On Wed, Sep 14, 2011 at 2:23 PM, Kukjin Kim kgene.kim@samsung.com wrote:
Siarhei Siamashka wrote:
By the way, does anybody have L2C-310 errata list? Is double linefill actually safe to use in r3p0?
No. it is _not_ safe on EXYNOS4210.
Since L2C-310 ERRTA, current EXYNOS4210 cannot enable double linefill feature
Thanks for this information. It's a pity, because double linefill could provide a really serious memory performance boost. Looks like we have to wait for EXYNOS4212 and/or OMAP4460 to really see how Cortex-A9 is actually supposed to perform on memory intensive tasks.
However I really appreciate that with EXYNOS4210 you are not shoving some hardcoded configuration down our throats and not restricting access to the relevant Cortex-A9 and L2C-310 configuration registers. So it is still possible to temporarily enable double linefill and use origenboard for benchmarking purposes to estimate how EXYNOS4212 is going to perform when it becomes available.
and as Siarhei said, need to check its version of L2C-310 in Cache ID register before enabling it.
If EXYNOS4212 has a bugfree double linefill support, then enabling it based on checking L2C-310 revision looks like a good idea.
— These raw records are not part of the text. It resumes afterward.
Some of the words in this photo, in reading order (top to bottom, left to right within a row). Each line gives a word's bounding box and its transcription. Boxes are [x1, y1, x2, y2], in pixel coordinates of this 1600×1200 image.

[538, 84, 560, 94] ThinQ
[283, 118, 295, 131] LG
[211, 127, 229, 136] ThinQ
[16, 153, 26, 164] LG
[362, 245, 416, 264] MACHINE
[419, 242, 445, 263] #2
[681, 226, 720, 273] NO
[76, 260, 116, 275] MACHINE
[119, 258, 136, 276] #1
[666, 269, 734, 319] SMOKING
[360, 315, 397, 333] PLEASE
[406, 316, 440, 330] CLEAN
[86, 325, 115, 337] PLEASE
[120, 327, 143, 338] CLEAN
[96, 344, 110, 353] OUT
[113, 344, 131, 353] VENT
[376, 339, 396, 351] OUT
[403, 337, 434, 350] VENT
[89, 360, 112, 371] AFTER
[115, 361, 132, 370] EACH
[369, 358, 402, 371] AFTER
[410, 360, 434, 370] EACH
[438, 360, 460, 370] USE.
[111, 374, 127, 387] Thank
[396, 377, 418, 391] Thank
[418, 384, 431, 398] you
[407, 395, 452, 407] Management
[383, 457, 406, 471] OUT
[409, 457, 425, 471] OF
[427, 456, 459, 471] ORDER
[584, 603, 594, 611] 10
As a note, it's possible to enable it on EXYNOS4212 SoC and in opposite of Siarhei's patch, enabling WRAP read is better on it. Actually my colleague, Boojin Kim is testing it so that can submit it soon.
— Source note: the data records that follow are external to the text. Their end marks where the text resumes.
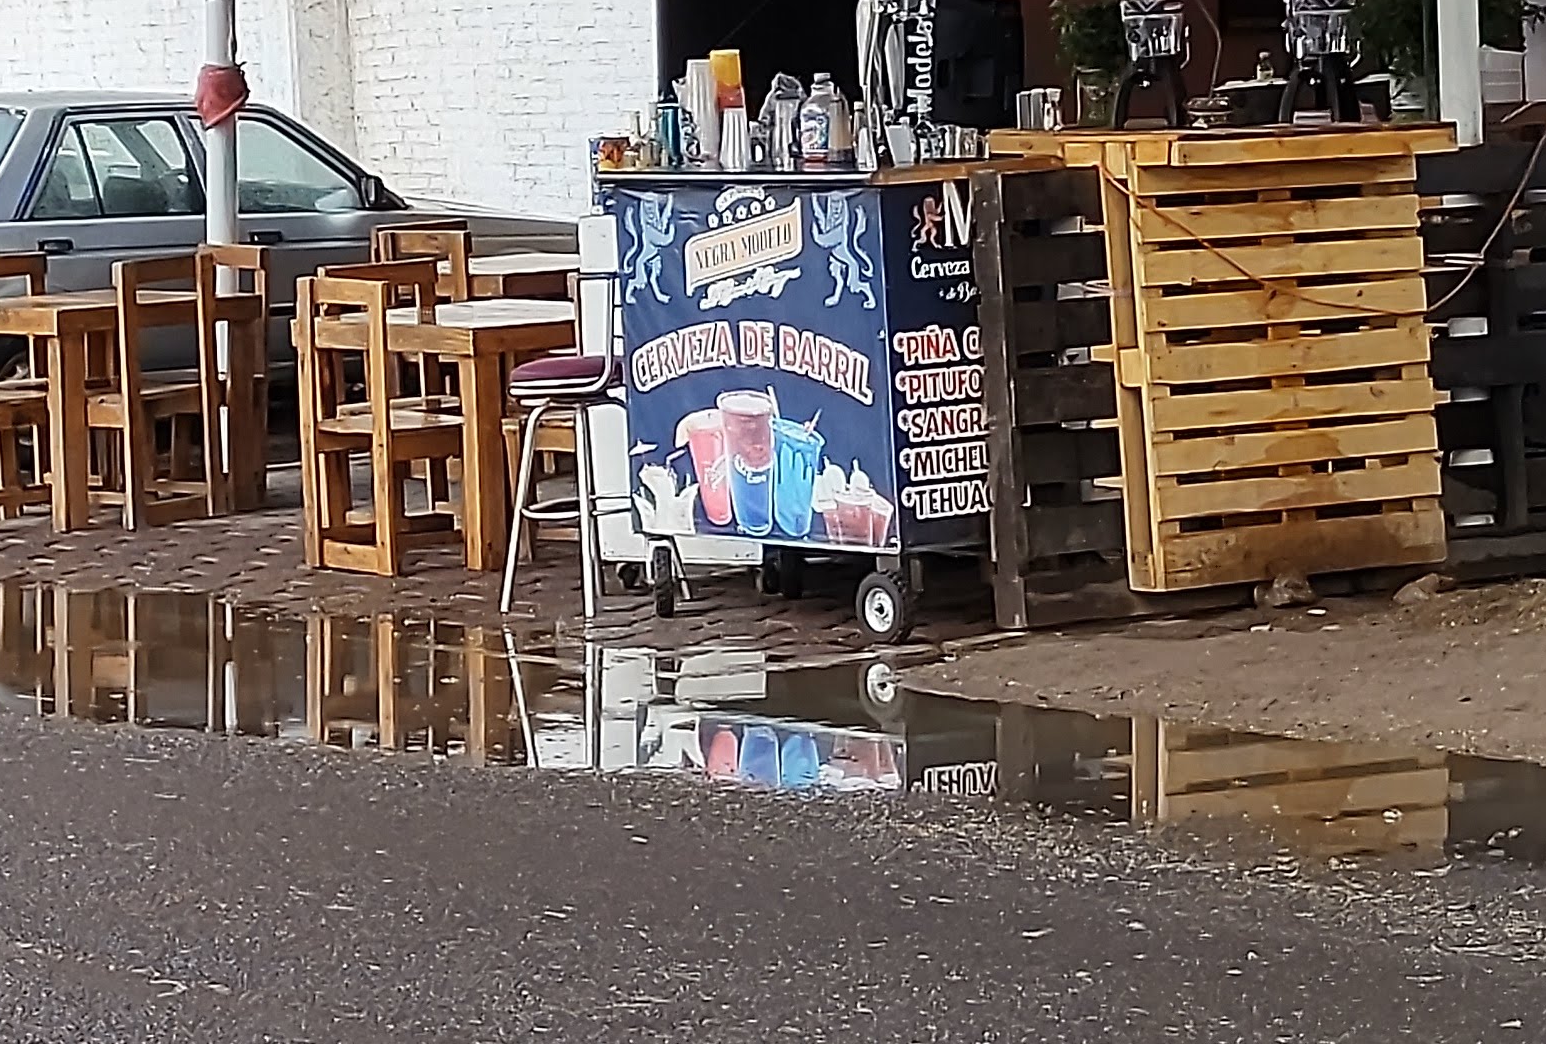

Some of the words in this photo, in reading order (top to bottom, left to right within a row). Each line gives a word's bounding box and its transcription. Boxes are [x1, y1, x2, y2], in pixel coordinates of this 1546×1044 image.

[694, 240, 736, 270] NEGRA
[741, 221, 792, 257] MODELO
[910, 256, 971, 279] Cerveza
[632, 321, 737, 393] CERVEZA
[739, 320, 775, 368] DE
[779, 325, 874, 406] BARRIL
[908, 404, 990, 442] SANGR
[910, 441, 990, 481] MICHEL
[914, 480, 994, 519] TEHUA
If you have some benchmark results with all these options, they would be very interesting for me.
As for the general memory performance tuning, there are more things to try (carefully watching for possible errata): - SCU Speculative linefills enable bit in SCU Control Register as described in http://infocenter.arm.com/help/topic/com.arm.doc.ddi0407f/BABEBFBH.html (this seems to be a good tweak and it really reduces L2 access latency a bit in my tests) - Exclusive cache configuration (should increase effective L1/L2 cache size, but seems to make L2 cache access latency worse in my tests) - Tune L2C-310 Prefetch offset (without double linefill, the value 6 or even 5 seems to be a bit better than 7) - 'Alloc in one way', 'Write full line of zeros mode' and maybe something else
Thank you for your replies and the interest in this subject.